An exact transcription of all the entries is needed; pictures stay out.
[Dataset records Boundary: Start]
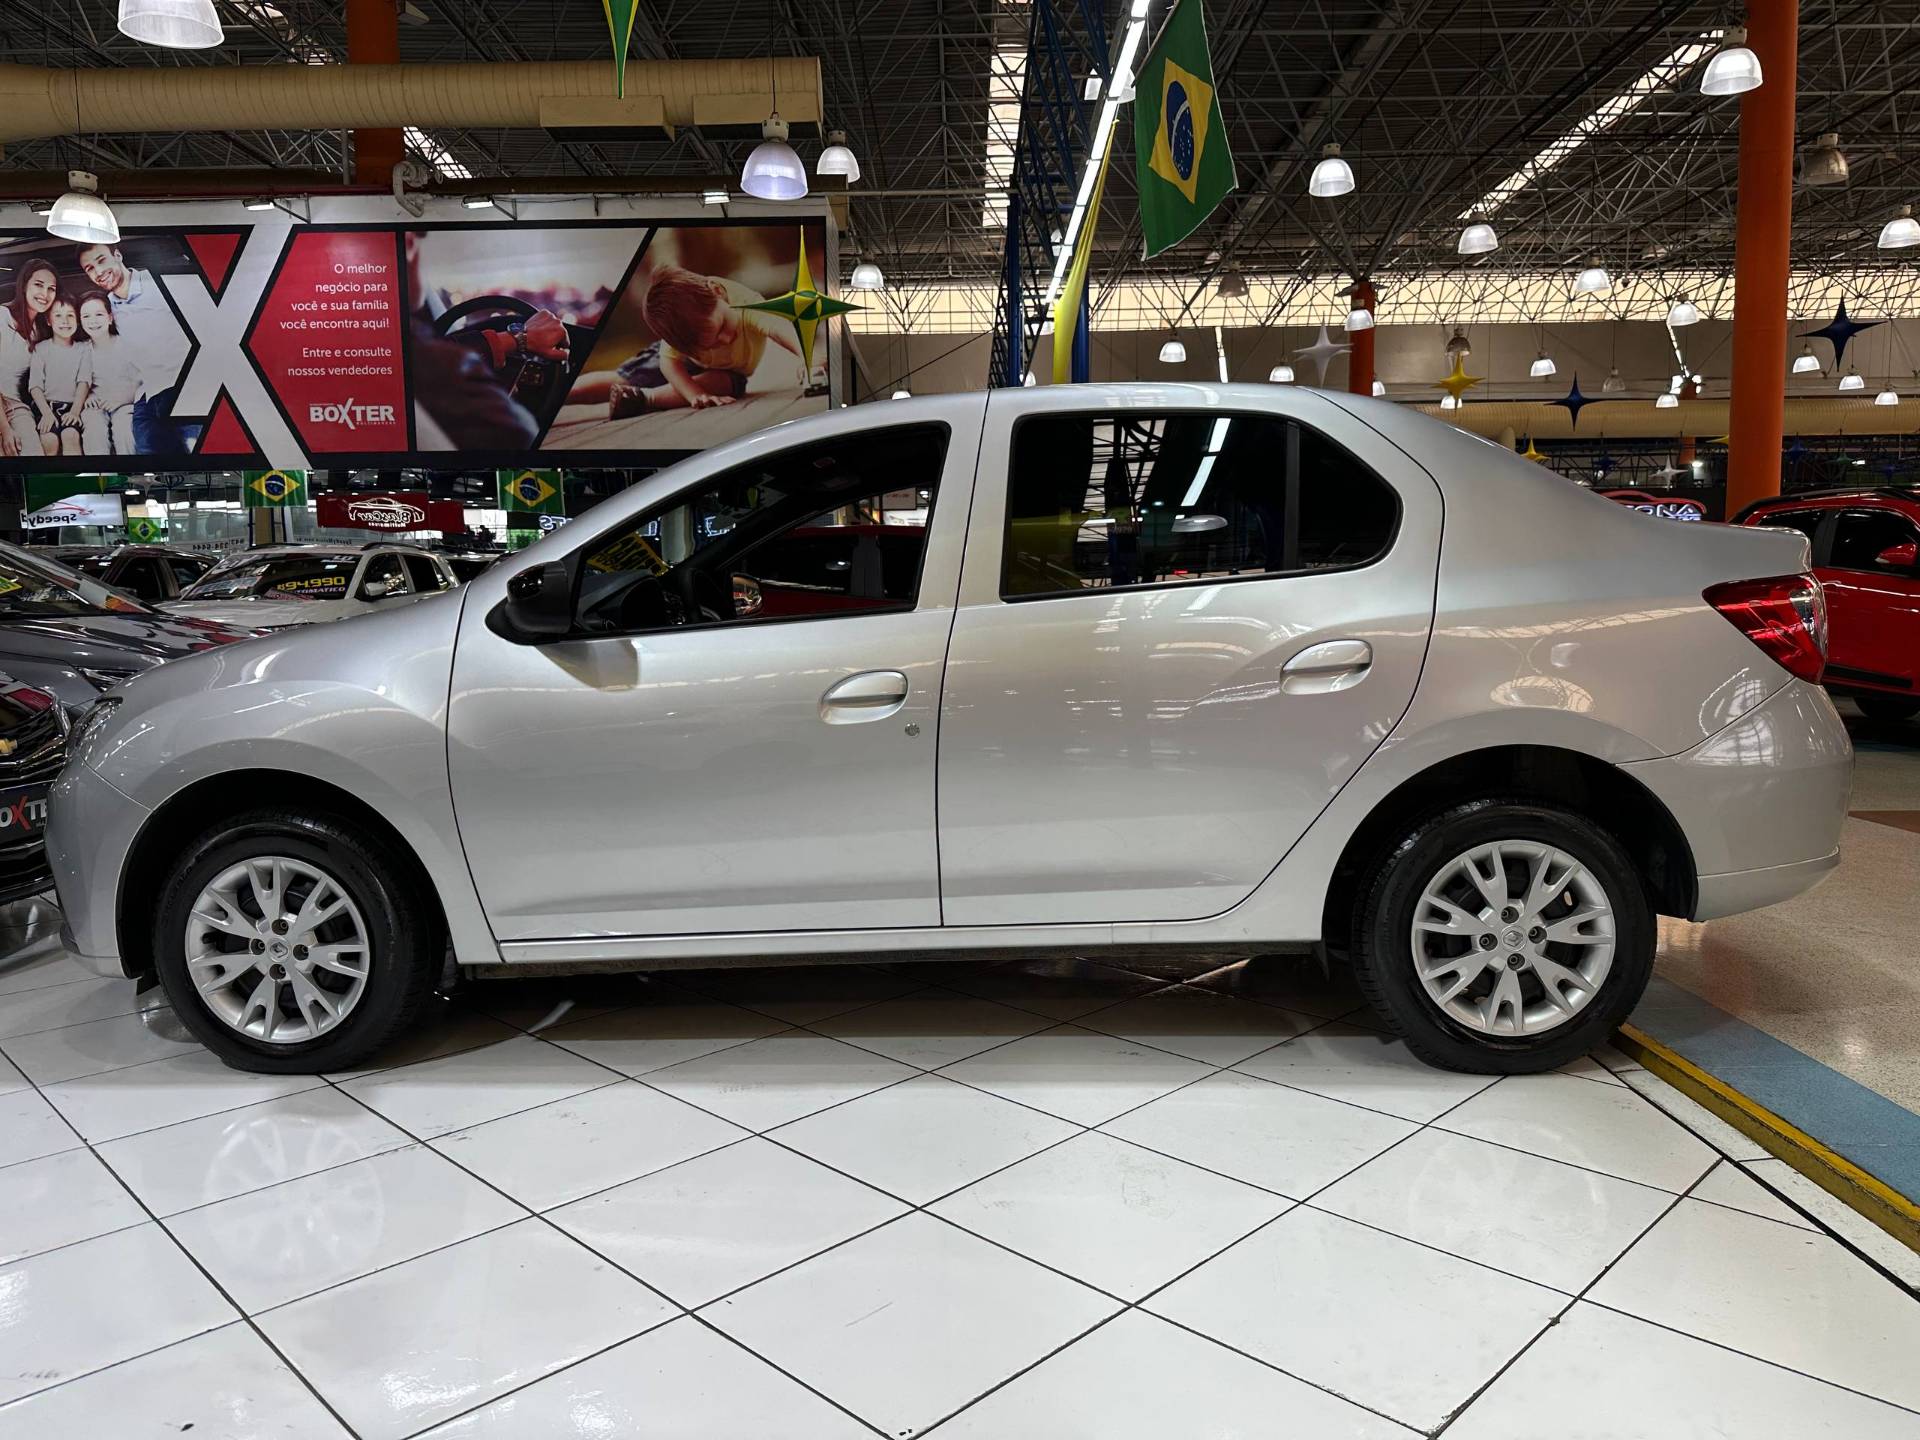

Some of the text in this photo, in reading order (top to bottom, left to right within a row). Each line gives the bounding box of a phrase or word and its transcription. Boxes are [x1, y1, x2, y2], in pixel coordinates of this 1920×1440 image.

[334, 263, 387, 274] O melhor
[315, 282, 388, 294] negócio para
[291, 300, 389, 311] você e sua família
[280, 318, 390, 330] você encontra aqui!
[302, 347, 392, 358] Entre e consulte
[287, 365, 393, 377] nossos vendedores
[309, 398, 395, 430] BOXTER
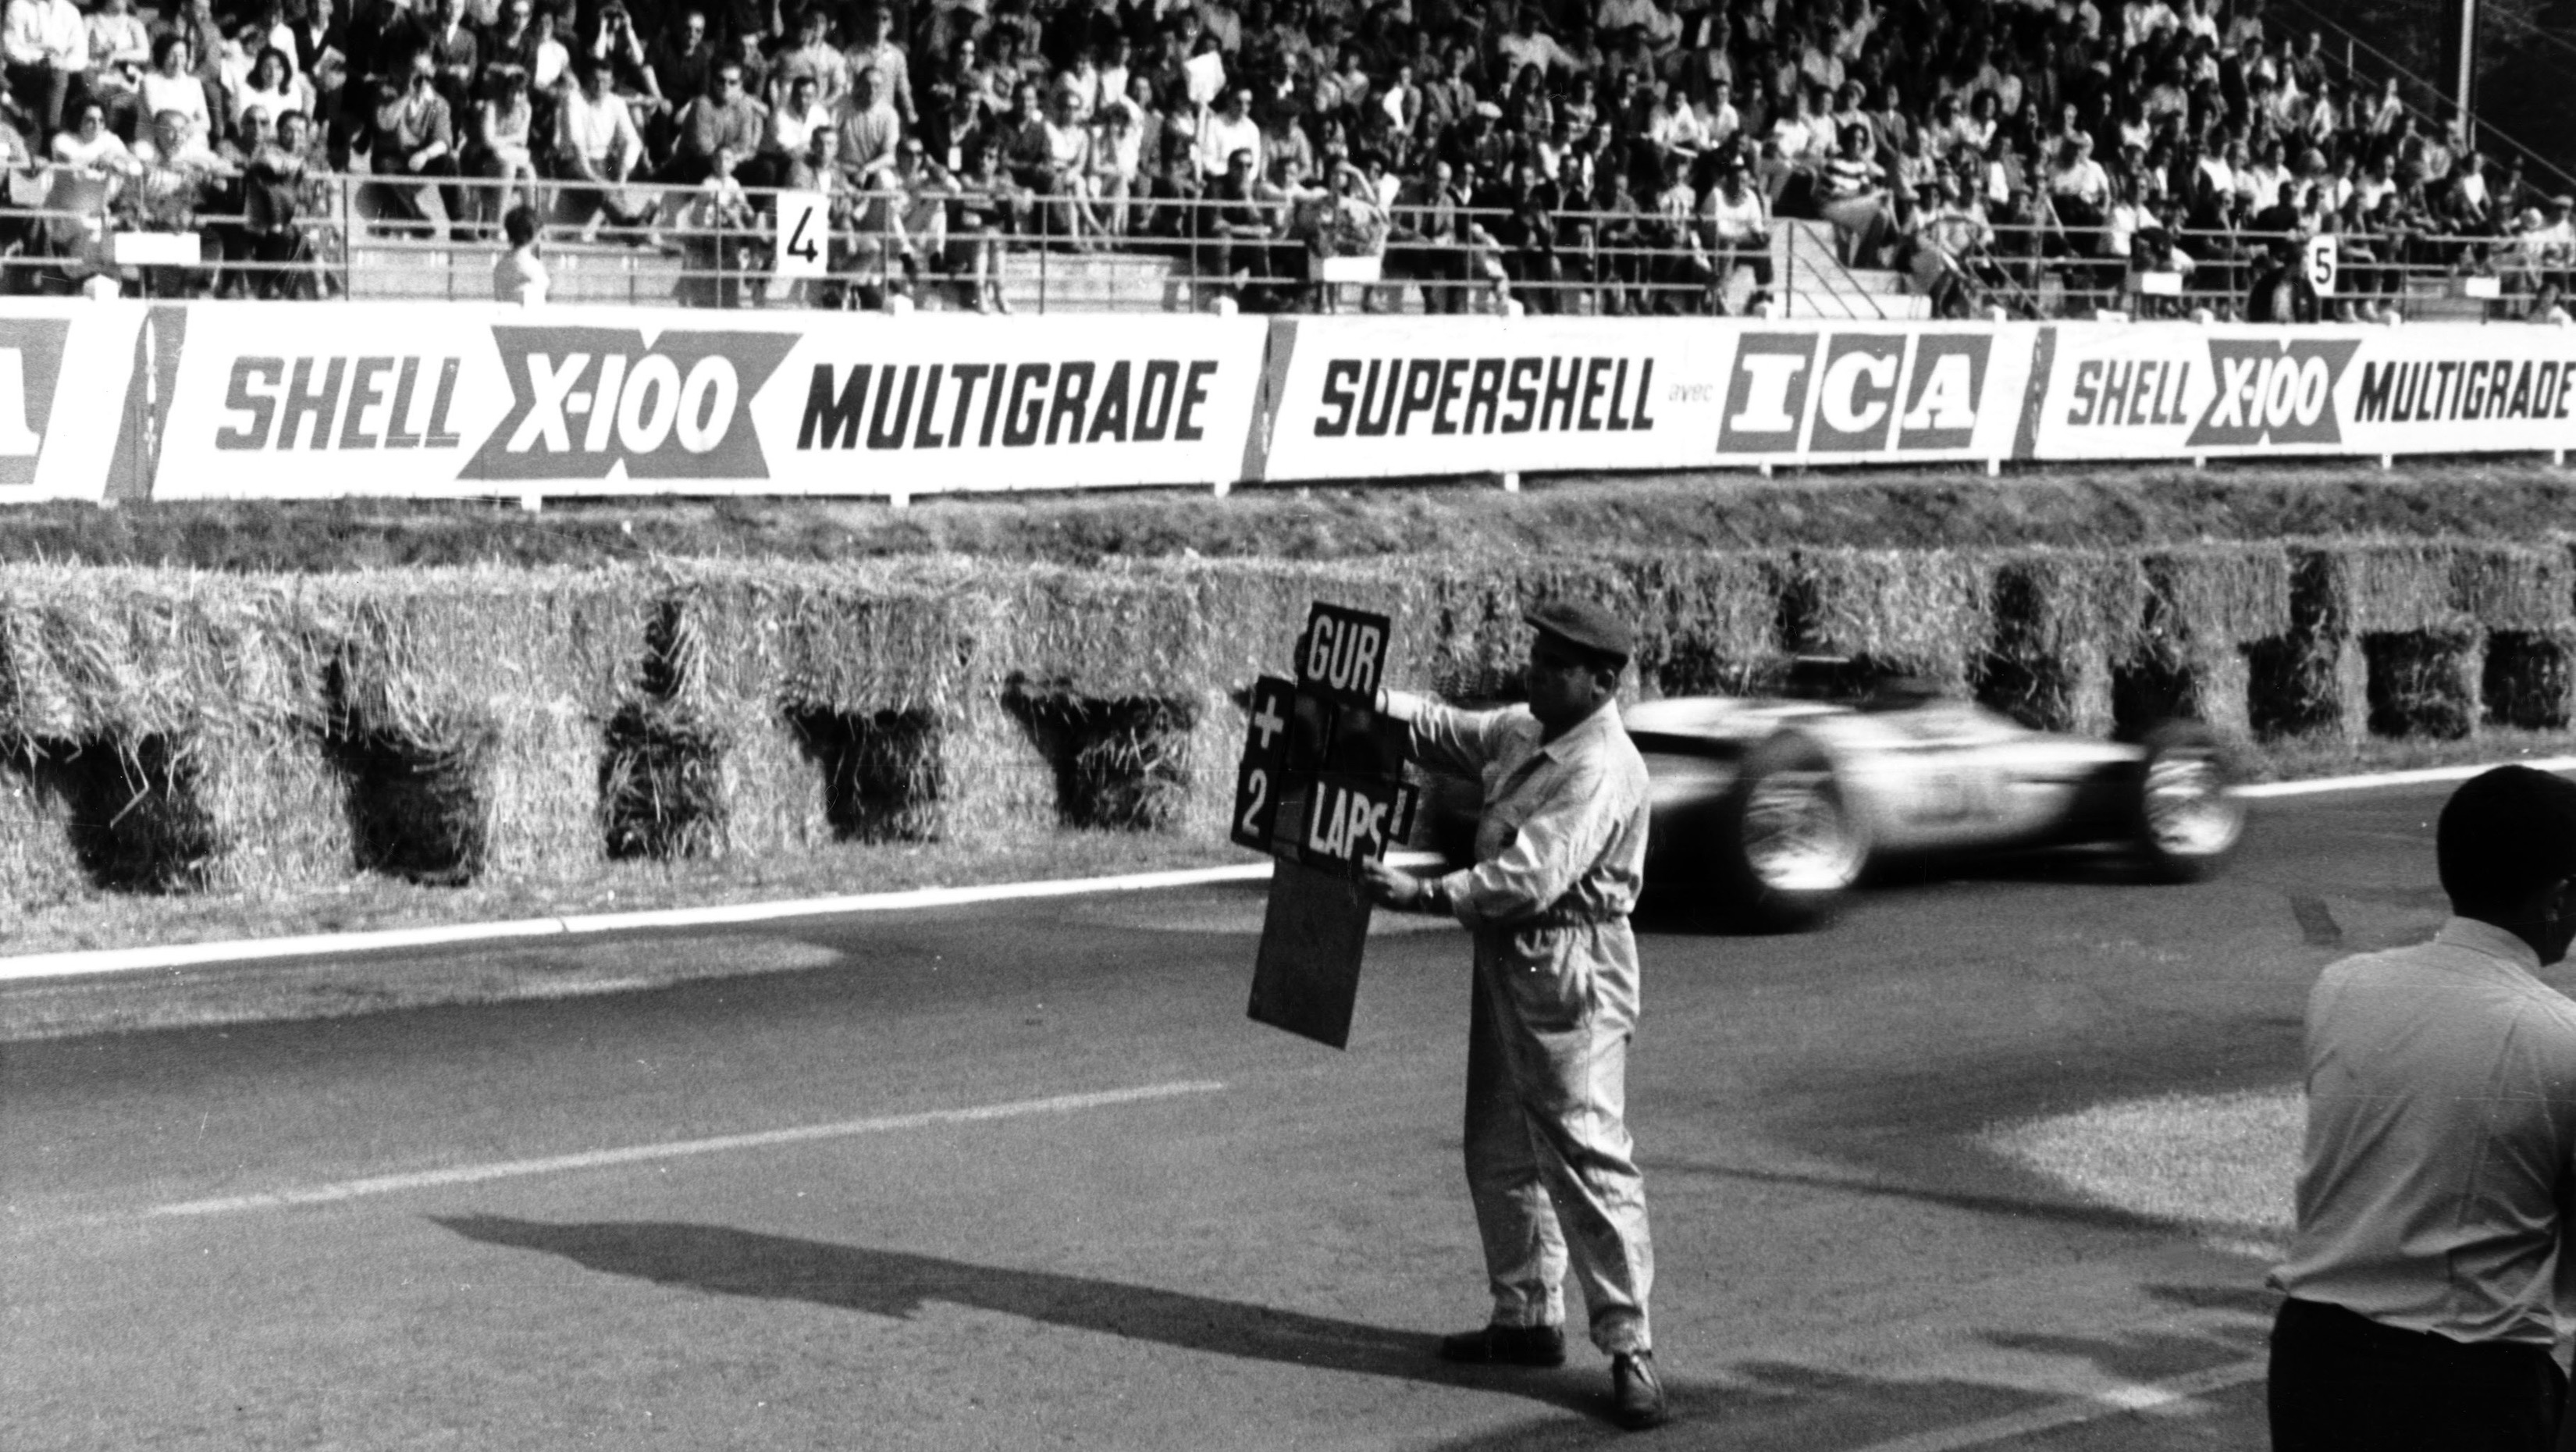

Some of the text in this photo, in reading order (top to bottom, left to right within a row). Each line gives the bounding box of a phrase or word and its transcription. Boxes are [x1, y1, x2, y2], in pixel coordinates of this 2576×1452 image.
[Dataset records Boundary: End]
■ **Output**:
Some of the text in this photo, in reading order (top to bottom, left to right within a row). Each line gives the bounding box of a phrase or word and its transcription. Boxes are [x1, y1, x2, y2], in pixel coordinates of this 1920×1440 image.

[334, 263, 387, 274] O melhor
[315, 282, 388, 294] negócio para
[291, 300, 389, 311] você e sua família
[280, 318, 390, 330] você encontra aqui!
[302, 347, 392, 358] Entre e consulte
[287, 365, 393, 377] nossos vendedores
[309, 398, 395, 430] BOXTER

Some of the text in this photo, in reading order (top to bottom, left to right within a row). Each line gives the bounding box of a phrase or word and its transcription. Boxes are [x1, y1, x2, y2], in pixel coordinates of this 2576×1452 image.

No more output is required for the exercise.